### Record set
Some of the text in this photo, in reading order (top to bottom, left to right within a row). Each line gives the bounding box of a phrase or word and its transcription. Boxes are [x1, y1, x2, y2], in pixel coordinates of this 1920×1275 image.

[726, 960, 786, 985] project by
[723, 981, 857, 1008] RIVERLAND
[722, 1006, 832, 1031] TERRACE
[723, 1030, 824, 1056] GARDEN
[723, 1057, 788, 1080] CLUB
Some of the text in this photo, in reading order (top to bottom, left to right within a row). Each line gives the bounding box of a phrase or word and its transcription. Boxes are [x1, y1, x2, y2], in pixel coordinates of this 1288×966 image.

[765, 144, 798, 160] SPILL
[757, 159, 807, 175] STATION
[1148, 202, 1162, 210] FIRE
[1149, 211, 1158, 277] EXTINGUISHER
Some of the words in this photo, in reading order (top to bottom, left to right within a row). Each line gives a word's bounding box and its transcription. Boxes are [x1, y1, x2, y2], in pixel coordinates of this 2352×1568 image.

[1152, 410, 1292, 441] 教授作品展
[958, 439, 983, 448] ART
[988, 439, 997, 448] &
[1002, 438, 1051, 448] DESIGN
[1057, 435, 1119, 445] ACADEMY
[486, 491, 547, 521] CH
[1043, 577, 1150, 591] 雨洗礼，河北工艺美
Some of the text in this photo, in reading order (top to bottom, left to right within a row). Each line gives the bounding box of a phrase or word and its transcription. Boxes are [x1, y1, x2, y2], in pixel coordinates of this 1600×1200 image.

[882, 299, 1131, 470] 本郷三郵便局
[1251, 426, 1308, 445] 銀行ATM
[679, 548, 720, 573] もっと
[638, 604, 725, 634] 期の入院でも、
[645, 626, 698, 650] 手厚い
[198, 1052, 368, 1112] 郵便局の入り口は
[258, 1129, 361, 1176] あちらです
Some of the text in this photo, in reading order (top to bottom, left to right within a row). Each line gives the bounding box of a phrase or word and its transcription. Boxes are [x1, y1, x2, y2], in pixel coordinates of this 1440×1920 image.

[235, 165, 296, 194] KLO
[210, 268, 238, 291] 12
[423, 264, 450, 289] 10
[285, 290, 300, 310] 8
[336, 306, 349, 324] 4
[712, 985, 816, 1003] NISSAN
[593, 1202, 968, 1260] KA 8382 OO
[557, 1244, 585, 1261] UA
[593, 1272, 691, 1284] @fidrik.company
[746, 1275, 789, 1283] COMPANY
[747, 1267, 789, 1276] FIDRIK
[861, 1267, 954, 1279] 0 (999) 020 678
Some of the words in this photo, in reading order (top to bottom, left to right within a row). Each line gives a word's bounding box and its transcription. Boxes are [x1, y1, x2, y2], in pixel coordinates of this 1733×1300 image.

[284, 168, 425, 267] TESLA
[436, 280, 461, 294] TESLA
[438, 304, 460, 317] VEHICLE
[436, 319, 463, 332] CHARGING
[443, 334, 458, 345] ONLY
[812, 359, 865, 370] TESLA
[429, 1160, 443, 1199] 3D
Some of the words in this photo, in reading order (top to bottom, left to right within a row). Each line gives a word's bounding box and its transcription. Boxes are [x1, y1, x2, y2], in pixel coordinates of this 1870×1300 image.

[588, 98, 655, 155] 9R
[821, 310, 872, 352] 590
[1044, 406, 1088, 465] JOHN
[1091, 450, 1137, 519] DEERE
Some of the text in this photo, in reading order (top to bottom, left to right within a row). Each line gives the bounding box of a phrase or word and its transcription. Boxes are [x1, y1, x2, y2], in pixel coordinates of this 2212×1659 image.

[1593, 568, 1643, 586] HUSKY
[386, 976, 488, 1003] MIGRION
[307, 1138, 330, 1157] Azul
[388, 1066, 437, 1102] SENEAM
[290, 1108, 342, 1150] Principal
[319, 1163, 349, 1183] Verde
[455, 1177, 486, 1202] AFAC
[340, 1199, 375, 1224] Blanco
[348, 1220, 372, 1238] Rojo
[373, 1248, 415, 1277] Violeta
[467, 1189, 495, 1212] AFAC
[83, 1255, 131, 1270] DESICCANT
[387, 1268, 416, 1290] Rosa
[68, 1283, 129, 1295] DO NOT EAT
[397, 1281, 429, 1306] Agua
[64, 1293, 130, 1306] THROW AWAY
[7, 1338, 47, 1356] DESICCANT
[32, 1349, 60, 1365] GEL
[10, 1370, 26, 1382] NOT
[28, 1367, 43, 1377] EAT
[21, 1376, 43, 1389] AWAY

### What to produce
Please output the entire listing exactly as it stands.

### Response to this task
Some of the text in this photo, in reading order (top to bottom, left to right within a row). Each line gives the bounding box of a phrase or word and its transcription. Boxes are [x1, y1, x2, y2], in pixel coordinates of this 1920×1275 image.

[726, 960, 786, 985] project by
[723, 981, 857, 1008] RIVERLAND
[722, 1006, 832, 1031] TERRACE
[723, 1030, 824, 1056] GARDEN
[723, 1057, 788, 1080] CLUB
Some of the text in this photo, in reading order (top to bottom, left to right within a row). Each line gives the bounding box of a phrase or word and its transcription. Boxes are [x1, y1, x2, y2], in pixel coordinates of this 1288×966 image.

[765, 144, 798, 160] SPILL
[757, 159, 807, 175] STATION
[1148, 202, 1162, 210] FIRE
[1149, 211, 1158, 277] EXTINGUISHER
Some of the words in this photo, in reading order (top to bottom, left to right within a row). Each line gives a word's bounding box and its transcription. Boxes are [x1, y1, x2, y2], in pixel coordinates of this 2352×1568 image.

[1152, 410, 1292, 441] 教授作品展
[958, 439, 983, 448] ART
[988, 439, 997, 448] &
[1002, 438, 1051, 448] DESIGN
[1057, 435, 1119, 445] ACADEMY
[486, 491, 547, 521] CH
[1043, 577, 1150, 591] 雨洗礼，河北工艺美
Some of the text in this photo, in reading order (top to bottom, left to right within a row). Each line gives the bounding box of a phrase or word and its transcription. Boxes are [x1, y1, x2, y2], in pixel coordinates of this 1600×1200 image.

[882, 299, 1131, 470] 本郷三郵便局
[1251, 426, 1308, 445] 銀行ATM
[679, 548, 720, 573] もっと
[638, 604, 725, 634] 期の入院でも、
[645, 626, 698, 650] 手厚い
[198, 1052, 368, 1112] 郵便局の入り口は
[258, 1129, 361, 1176] あちらです
Some of the text in this photo, in reading order (top to bottom, left to right within a row). Each line gives the bounding box of a phrase or word and its transcription. Boxes are [x1, y1, x2, y2], in pixel coordinates of this 1440×1920 image.

[235, 165, 296, 194] KLO
[210, 268, 238, 291] 12
[423, 264, 450, 289] 10
[285, 290, 300, 310] 8
[336, 306, 349, 324] 4
[712, 985, 816, 1003] NISSAN
[593, 1202, 968, 1260] KA 8382 OO
[557, 1244, 585, 1261] UA
[593, 1272, 691, 1284] @fidrik.company
[746, 1275, 789, 1283] COMPANY
[747, 1267, 789, 1276] FIDRIK
[861, 1267, 954, 1279] 0 (999) 020 678
Some of the words in this photo, in reading order (top to bottom, left to right within a row). Each line gives a word's bounding box and its transcription. Boxes are [x1, y1, x2, y2], in pixel coordinates of this 1733×1300 image.

[284, 168, 425, 267] TESLA
[436, 280, 461, 294] TESLA
[438, 304, 460, 317] VEHICLE
[436, 319, 463, 332] CHARGING
[443, 334, 458, 345] ONLY
[812, 359, 865, 370] TESLA
[429, 1160, 443, 1199] 3D
Some of the words in this photo, in reading order (top to bottom, left to right within a row). Each line gives a word's bounding box and its transcription. Boxes are [x1, y1, x2, y2], in pixel coordinates of this 1870×1300 image.

[588, 98, 655, 155] 9R
[821, 310, 872, 352] 590
[1044, 406, 1088, 465] JOHN
[1091, 450, 1137, 519] DEERE
Some of the text in this photo, in reading order (top to bottom, left to right within a row). Each line gives the bounding box of a phrase or word and its transcription. Boxes are [x1, y1, x2, y2], in pixel coordinates of this 2212×1659 image.

[1593, 568, 1643, 586] HUSKY
[386, 976, 488, 1003] MIGRION
[307, 1138, 330, 1157] Azul
[388, 1066, 437, 1102] SENEAM
[290, 1108, 342, 1150] Principal
[319, 1163, 349, 1183] Verde
[455, 1177, 486, 1202] AFAC
[340, 1199, 375, 1224] Blanco
[348, 1220, 372, 1238] Rojo
[373, 1248, 415, 1277] Violeta
[467, 1189, 495, 1212] AFAC
[83, 1255, 131, 1270] DESICCANT
[387, 1268, 416, 1290] Rosa
[68, 1283, 129, 1295] DO NOT EAT
[397, 1281, 429, 1306] Agua
[64, 1293, 130, 1306] THROW AWAY
[7, 1338, 47, 1356] DESICCANT
[32, 1349, 60, 1365] GEL
[10, 1370, 26, 1382] NOT
[28, 1367, 43, 1377] EAT
[21, 1376, 43, 1389] AWAY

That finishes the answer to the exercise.